Submitted by skyspy on Wed, 03/21/2007 - 7:45am.

Most people are pack animals. When they are in a big group(35,000 citizens) the tendency is to sit back and do nothing. This happens with crime routinely. Dateline NBC just had a piece on this very topic. They showed cars being broken into in daylight in a busy parking lot, people stared but only one person called 911.

The water is set to a low boil, and most of the people here are like a lobster, they won't feel the heat until it's too late.

Unless they put in upscale stores like: Frontgate, Restoration Hardware, Pottery Barn, J.Jill, Tommy Bahama, Crate@Barrel, Nordstrom, Parisian and some good restaurants(not chain restaurants)......we will have big empty boxes, in about 5yrs.

There is good and bad with everything. With big empty boxes I believe we will have more crime....some will filter in naturally, others will be enticed in undercover stings. Then the family people will cry big crocodile tears, especially if one of their kids gets hit by a stray bullet.
The families who can afford to, will move. On the one hand after the last year we have had with teen crime.....families moving is a good thing if you ask me.

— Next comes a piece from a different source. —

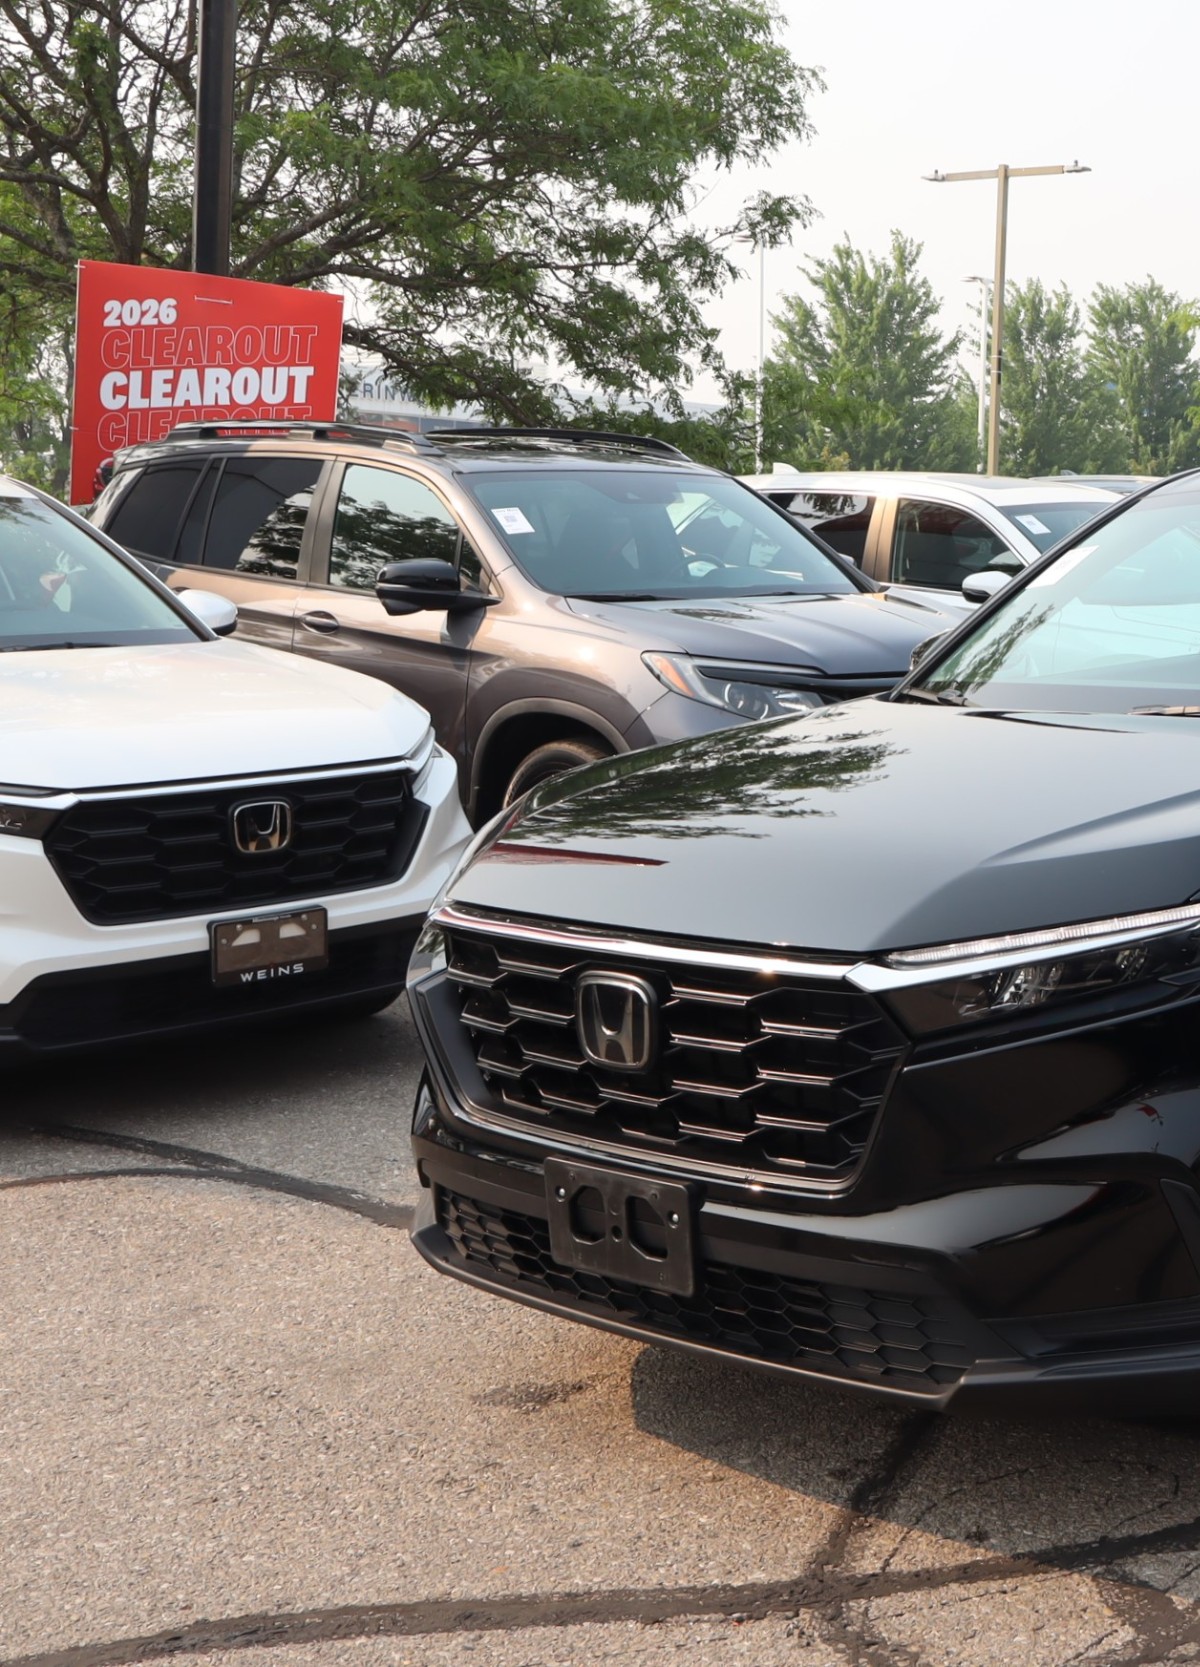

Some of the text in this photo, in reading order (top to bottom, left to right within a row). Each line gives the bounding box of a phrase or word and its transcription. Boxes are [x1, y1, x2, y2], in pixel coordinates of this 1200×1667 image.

On the other hand that will leave it wide open for riverdale to move in. Then we will have to deal with the real criminals. Which means I need more guns for my home. Most cops have a gun hidden in every room of their homes....if a licensed trained killer needs a gun in every room to be safe....I guess I do to.

Unless this is kept upscale and small, it will fail.

Needless to say I'm disappointed in all of our councilFOOLS with the exception of harold. harold is performing exactly the way I knew he would....which is why I never voted for him. I grew up in a state park, and I can smell a skunk a mile off, and this one smelled like he had been dead for a couple of hours!!

To answer your question, I think our soul is gone and it left when Steve Brown left office.

Submitted by johenry on Tue, 03/20/2007 - 7:48pm.

Why is it that only a handful of people will fight our battles?

Steve Brown is the best friend the average working families in Peachtree City ever had! Even after being struck with the slings and arrows of Bob Lenox, the development authority bums, big developers and the political action scum, Steve still fights for us.

Cal Beverly describes the PTC council as "clueless, hapless and ignorant." I think he's vastly underestimating Harold Logsdon. The picture of an you scratch my back and I'll scratch yours arrangement comes to my mind. Who in their right mind is going to tell the local residents the TDK road is good for us without getting something for it?

I hope everyone follows Cal Beverly's call to action. Don't let the bums ruin our good thing.

Submitted by dollaradayandfound on Wed, 03/21/2007 - 6:02am.

There will be no action done by PTC citizens! Everyone who has the slightest interest is waiting for someone else to confront the town administration. I'm not sure it would matter if 35,000 attended the board meeting as to the outcome.

mudcat's picture
Submitted by mudcat on Thu, 03/22/2007 - 4:32am.

Nothing is going to happen. There will be no confrontation except written ones here. No one will stand up and say anything meaningful, just a few shrill voices that sound like liberal enviro whackos to the mayor and council who filter shrillness out automatically.

What ever happened to the new "Concerned citizens" group that was making so much noise last month. What are they doing?